No expense was spared to make this THE department store in Los Angeles.
Cartier did the clocks on each floor. There was a magnificent mural
of the evolution of transportation on the ceiling of the elegant porte
cochere. Lalique did the glass doors. I mean, this store told New
York's 5th Avenue shops to Shut Up. My first job in Los Angeles was
as Matre' D in the 5th floor Tea Room and Miss Nadine was a wise old manicurist
who did the nails of the widowed wealth of Los Angeles. All the grande
old dames would come to Bullocks Wilshire to shop, get beauty treatments,
and have lunch in the Tea Room while watching gorgeous older models walk
the table-high catwalk modeling the latest Bullocks fashions which they
could handily purchase after they had one last glass of white wine and
finished their Tuna Nicoise. Miss Nadine would come upstairs for
lunch to clock the clientele and tell me stories from her fifty (yes, that's
50) years as an employee of this legendary establishment. Nadine
filled in the blanks and gave me quite a Los Angeles history lesson.
Bullocks Wishire was much more than a department store to the wives of
the men who built Los Angeles and Hollwood - it was the social centerpiece
of these old girls' lives. Every Hollywood Star of the era had graced
the place and many were regulars, from Mary Pickford to Marlene Deitrich
to Marilyn Monroe. Nadine knew them all and kept secrets. Heaven
knows the tales she could have told had she not been the very soul
of discretion. All the ladies dressed to the nines and met and shopped
and talked and ate at Bullocks Wilshire. I was fresh from New York
having arrived in Los Angeles by plane July 17, 1977, with $200 dollars
and head full of dreams but ... no car. I checked into The Bryson
Hotel a block away from Bullocks and fast talked my way into the restaurant
job because I had to walk to work (I put a down payment on a bicycle with
my first paycheck) Nadine gave me The Bryson Hotel history as well.
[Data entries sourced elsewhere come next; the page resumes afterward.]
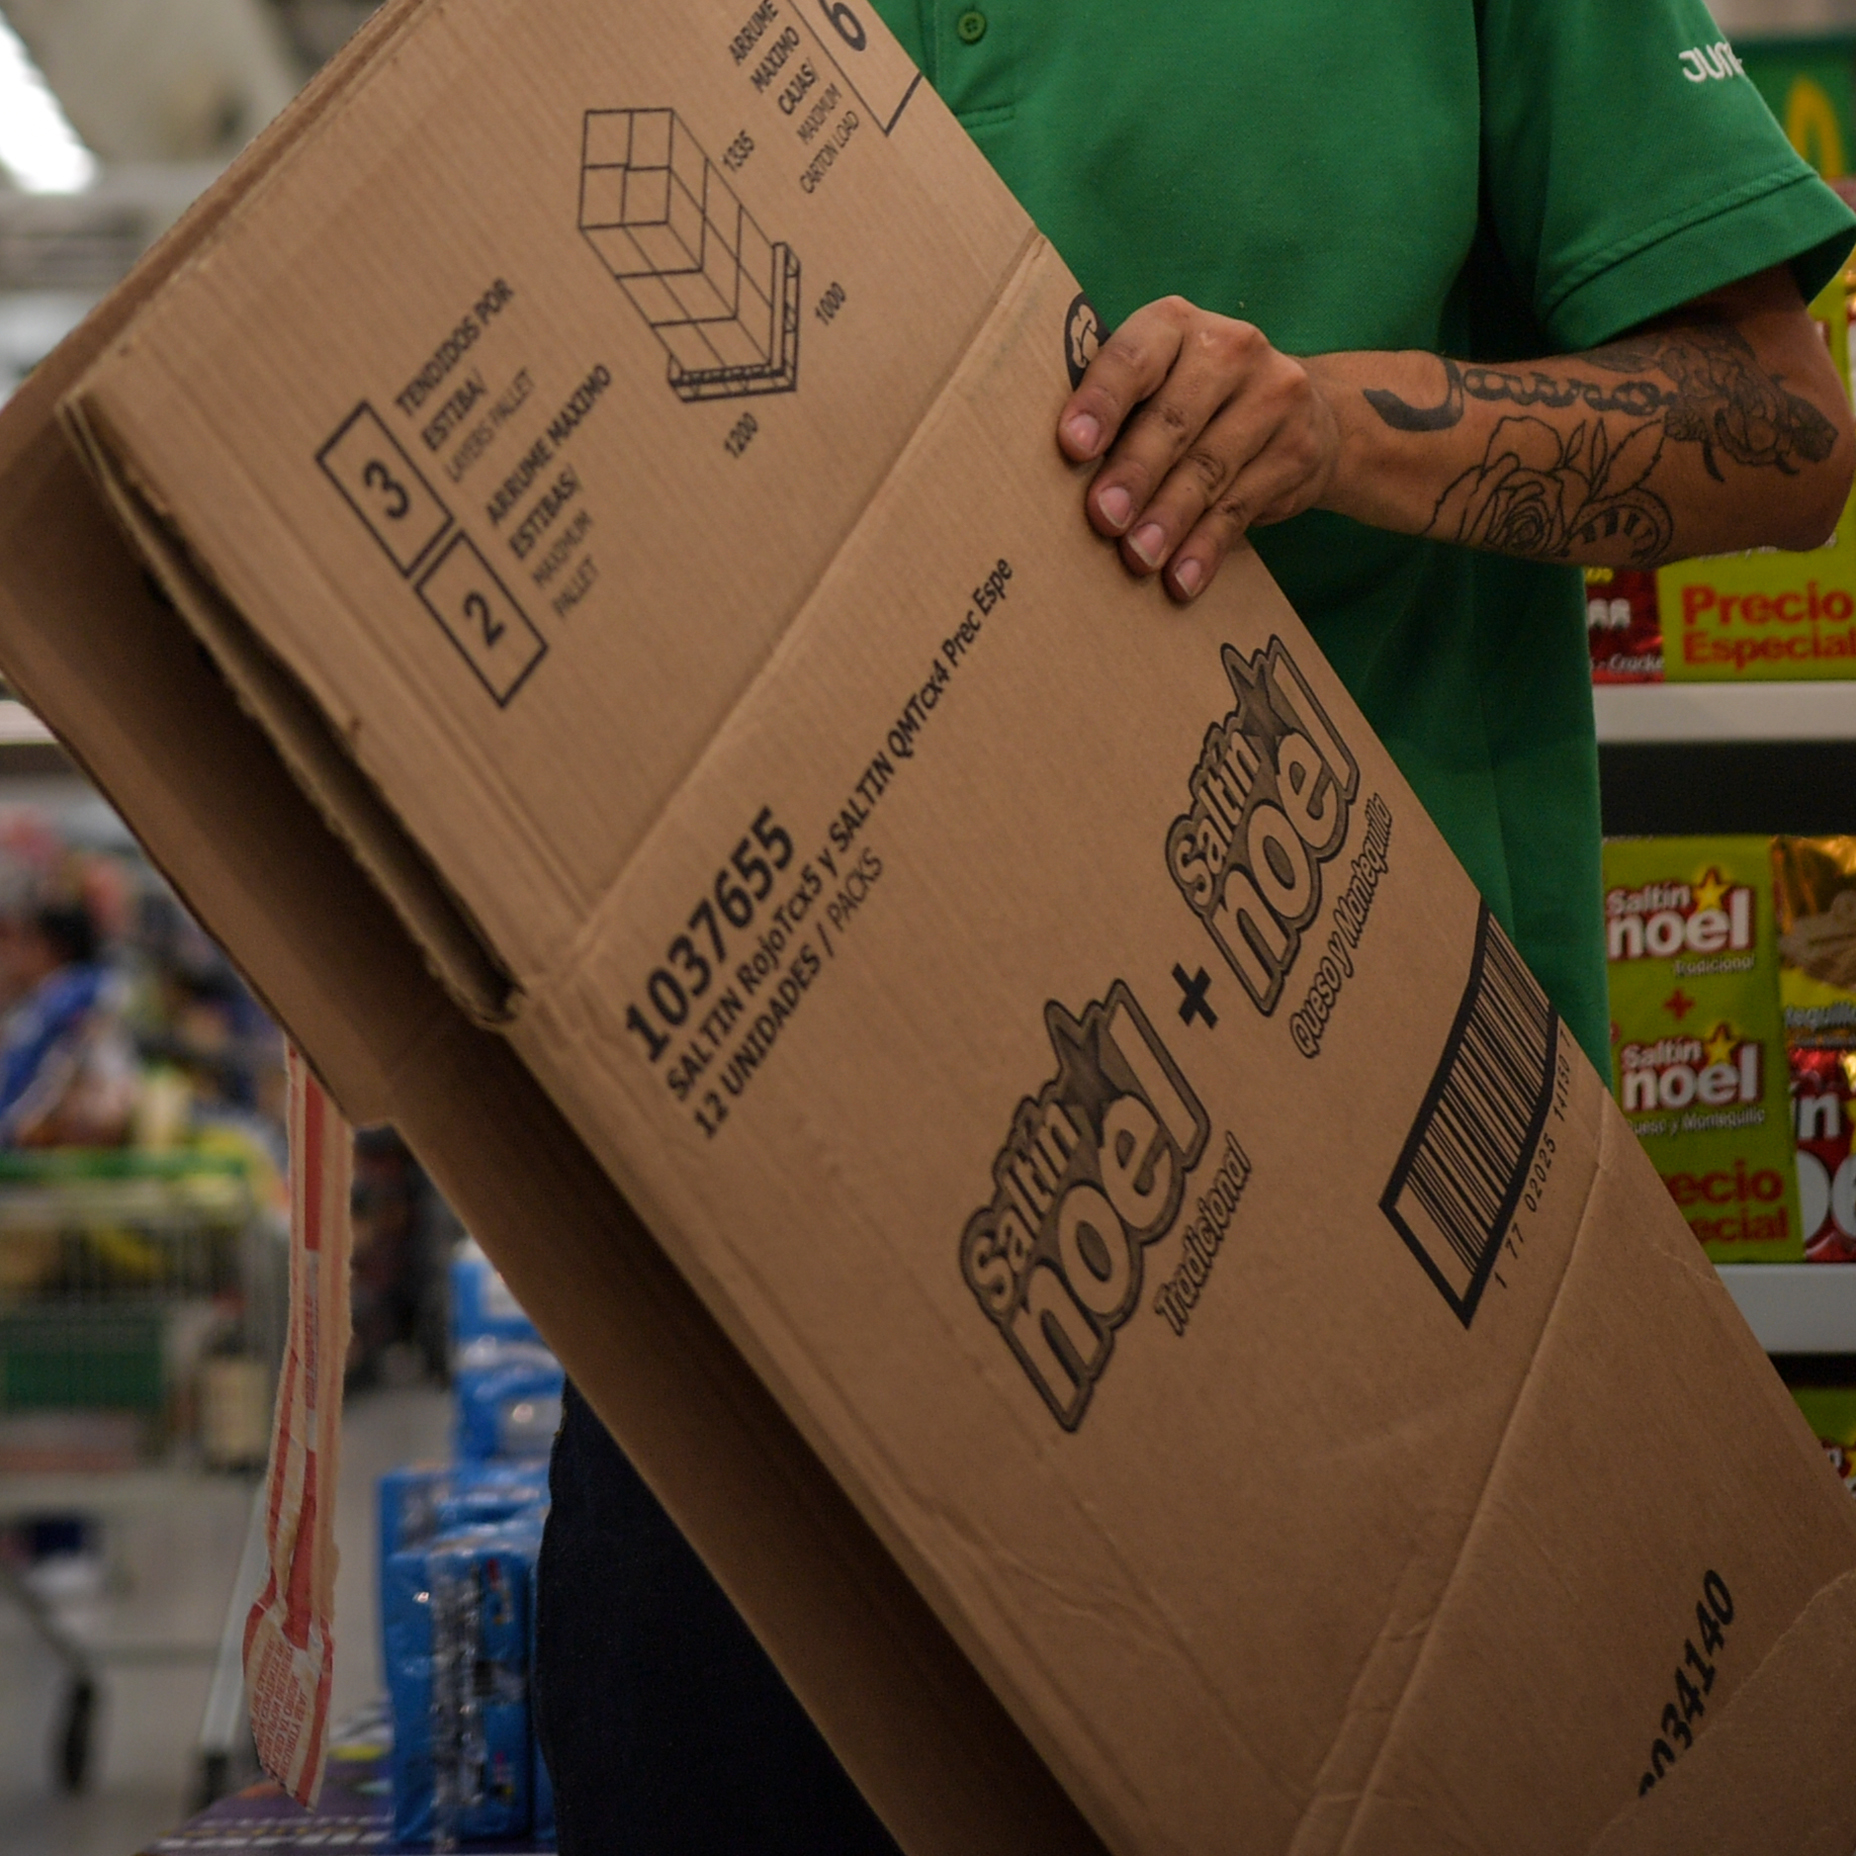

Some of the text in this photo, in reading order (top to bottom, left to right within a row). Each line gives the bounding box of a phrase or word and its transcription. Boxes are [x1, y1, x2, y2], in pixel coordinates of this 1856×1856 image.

[750, 25, 800, 93] MAXIMO
[796, 82, 842, 145] MAXIMUM
[799, 109, 860, 195] CARTON LOAD
[813, 281, 848, 326] 1000
[394, 277, 514, 417] TENDIDOS POR
[445, 366, 535, 485] LAYERS PALLET
[485, 362, 613, 528] ARRUME MAXIMO
[723, 412, 760, 460] 1200
[362, 459, 412, 520] 3
[531, 508, 594, 588] MAXIMUM
[551, 555, 600, 619] PALLET
[462, 590, 507, 646] 2
[1682, 579, 1855, 626] Precio
[665, 556, 1016, 1102] SALTIN RojoTcx5 y SALTIN QMTcx4 Prec Espe
[1172, 726, 1263, 910] Saltín
[1207, 644, 1357, 1011] noel
[625, 806, 796, 1065] 1037655
[1289, 792, 1394, 1059] Queso y Mantequilla
[1606, 878, 1691, 913] Saltín
[1607, 888, 1751, 959] noel
[692, 1088, 730, 1142] 12
[718, 942, 825, 1101] UNIDADES
[824, 846, 886, 935] PACKS
[1674, 955, 1756, 976] Tradicional
[1621, 1033, 1702, 1068] Saltín
[1623, 1045, 1761, 1111] noel
[1504, 1223, 1525, 1260] 77
[1522, 1132, 1557, 1213] 02025
[1552, 1053, 1573, 1123] 14150
[1683, 1105, 1766, 1131] Mantequilla
[968, 1095, 1084, 1316] Saltín
[1007, 989, 1206, 1429] noel
[1154, 1130, 1254, 1339] Tradicional
Fred McMurray owned it and in the 1930's it had been a fashionable spot
with a wonderful penthouse restaurant. It still had the twelve Corinthian
columns pedestaling rearing lions at the garden entrance and had held on
to a warm, if faded elegance. (It is, in 2000, currently being restored
to it's old glory.)
Years after I moved
to Hollywood and into Ten Bungalows I rediscovered the now retired Miss
Nadine living next door. We often had afternoon tea and talked of
the Bullocks days and tales of old Hollywood. In the early '90s Nadine
moved in with her daughter where she died shortly afterwards in her mid
90's. When this Clock photo was taken April 29th, 1990, Nadine was
listening to Harry Connick Jr.'s version of the classic "It Had To Be You".
I had a chance to return
to work at Bullocks Wilshire for three months in 1995 when I costarred
with Faye Dunaway, Jason Alexander, Rupert Everett and Paul Ruebens in
"DUNSTON CHECKS IN" which was filmed entirely at the then closed Los Angeles
landmark (It's now a Law Library and has been beautifully restored).
The stately old building was transformed into The Majestic Hotel in Manhattan.
We watched dailies upstairs in what had been the Tea Room and "Hair and
Makeup" was located in what had been the old Beauty Salon. I could
close my eyes and see Miss Nadine doing Gloria Swanson's nails and listening
to the secrets she would never tell....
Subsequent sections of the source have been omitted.